# WORK INSTRUCTION
All of the entries must be duplicated exactly.

# Dataset entries
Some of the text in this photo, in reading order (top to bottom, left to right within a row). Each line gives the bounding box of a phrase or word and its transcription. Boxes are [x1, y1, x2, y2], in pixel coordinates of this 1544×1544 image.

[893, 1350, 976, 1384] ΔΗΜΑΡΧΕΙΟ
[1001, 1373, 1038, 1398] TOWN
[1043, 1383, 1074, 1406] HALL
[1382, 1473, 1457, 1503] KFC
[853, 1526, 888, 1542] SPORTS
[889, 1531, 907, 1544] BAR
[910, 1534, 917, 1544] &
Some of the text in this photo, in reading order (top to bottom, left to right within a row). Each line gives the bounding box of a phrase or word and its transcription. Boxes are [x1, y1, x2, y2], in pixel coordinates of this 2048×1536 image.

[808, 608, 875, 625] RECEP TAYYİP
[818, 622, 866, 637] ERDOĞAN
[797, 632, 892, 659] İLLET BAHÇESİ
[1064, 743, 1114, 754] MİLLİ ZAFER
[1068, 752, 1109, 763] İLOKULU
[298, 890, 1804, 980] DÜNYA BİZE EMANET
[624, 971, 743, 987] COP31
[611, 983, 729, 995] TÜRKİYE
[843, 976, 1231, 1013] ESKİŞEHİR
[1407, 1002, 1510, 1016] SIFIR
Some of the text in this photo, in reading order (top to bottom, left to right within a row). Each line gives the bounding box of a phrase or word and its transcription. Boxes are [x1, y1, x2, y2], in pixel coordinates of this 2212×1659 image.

# ANSWER SECTION
Some of the text in this photo, in reading order (top to bottom, left to right within a row). Each line gives the bounding box of a phrase or word and its transcription. Boxes are [x1, y1, x2, y2], in pixel coordinates of this 1544×1544 image.

[893, 1350, 976, 1384] ΔΗΜΑΡΧΕΙΟ
[1001, 1373, 1038, 1398] TOWN
[1043, 1383, 1074, 1406] HALL
[1382, 1473, 1457, 1503] KFC
[853, 1526, 888, 1542] SPORTS
[889, 1531, 907, 1544] BAR
[910, 1534, 917, 1544] &
Some of the text in this photo, in reading order (top to bottom, left to right within a row). Each line gives the bounding box of a phrase or word and its transcription. Boxes are [x1, y1, x2, y2], in pixel coordinates of this 2048×1536 image.

[808, 608, 875, 625] RECEP TAYYİP
[818, 622, 866, 637] ERDOĞAN
[797, 632, 892, 659] İLLET BAHÇESİ
[1064, 743, 1114, 754] MİLLİ ZAFER
[1068, 752, 1109, 763] İLOKULU
[298, 890, 1804, 980] DÜNYA BİZE EMANET
[624, 971, 743, 987] COP31
[611, 983, 729, 995] TÜRKİYE
[843, 976, 1231, 1013] ESKİŞEHİR
[1407, 1002, 1510, 1016] SIFIR
Some of the text in this photo, in reading order (top to bottom, left to right within a row). Each line gives the bounding box of a phrase or word and its transcription. Boxes are [x1, y1, x2, y2], in pixel coordinates of this 2212×1659 image.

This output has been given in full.